If you submit a Callable object to an Executor the framework returns an object of type java.util.concurrent.Future. This Future object can be used to check the status of a Callable and to retrieve the result from the Callable.
On the Executor you can use the method submit to submit a Callable and to get a future. To retrieve the result of the future use the get() method.
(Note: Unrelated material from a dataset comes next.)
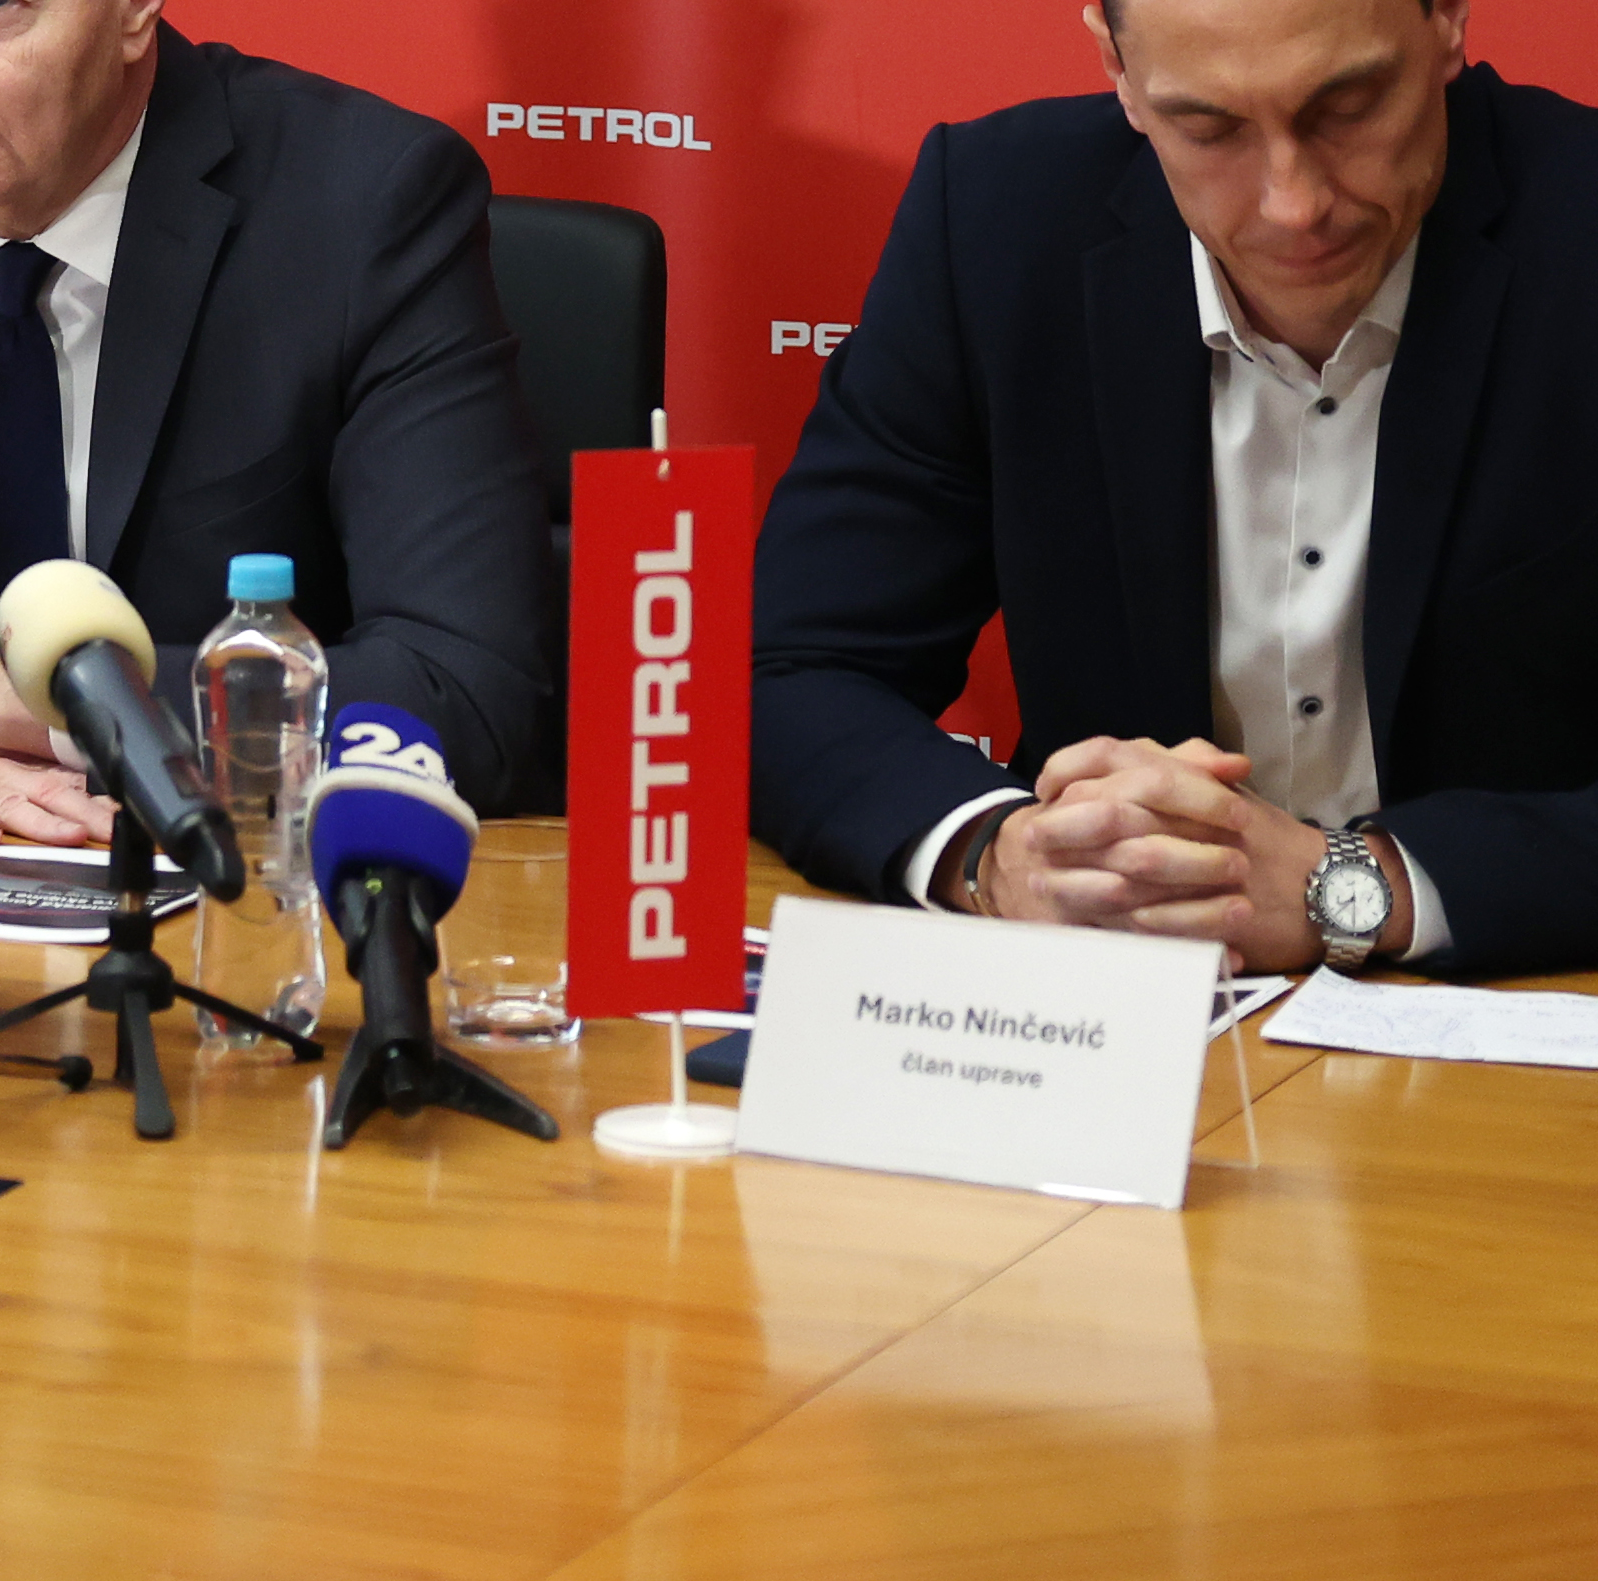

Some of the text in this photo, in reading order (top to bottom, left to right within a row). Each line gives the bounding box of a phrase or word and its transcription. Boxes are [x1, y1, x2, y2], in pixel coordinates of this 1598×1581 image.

[488, 103, 711, 150] PETROL
[630, 511, 692, 960] PETROL
[857, 993, 1107, 1050] Marko Ninčević
[901, 1050, 1044, 1089] član uprave
package benatwa.concurrency.callables;
import java.util.concurrent.Callable;
public class MyCallable implements Callable<Long>
{
@Override public Long call() throws Exception
{
long sum = 0; for (long i = 0; i <= 100; i++)
{ sum += i; }
return sum;
}
}
package benatwa.concurrency.callables;
import java.util.ArrayList;
import java.util.List;
import java.util.concurrent.Callable;
import java.util.concurrent.ExecutionException;
import java.util.concurrent.ExecutorService;
import java.util.concurrent.Executors;
import java.util.concurrent.Future;
public class CallableFutures
{
private static final int NTHREDS = 10;
public static void main(String[] args)
{
ExecutorService executor = Executors.newFixedThreadPool(NTHREDS);
List<Future<Long>> list = new ArrayList<Future<Long>>();
for (int i = 0; i < 20000; i++)
{
Callable<Long> worker = new MyCallable();
Future<Long> submit = executor.submit(worker);
list.add(submit);
}
long sum = 0;
System.out.println(list.size());
// now retrieve the result
for (Future<Long> future : list) { try { sum += future.get(); }
catch (InterruptedException e) { e.printStackTrace(); }
catch (ExecutionException e) { e.printStackTrace(); } }
System.out.println(sum);
executor.shutdown();
}
}
Deadlock
A concurrent application has the risk of a deadlock. A set of processes are deadlocked if all processes are waiting for an event which another process in the same set has to cause.
For example if thread A waits for a lock on object Z which thread B holds and thread B wait for a look on object Y which is hold be process A then these two processes are looked and cannot continue in their processing.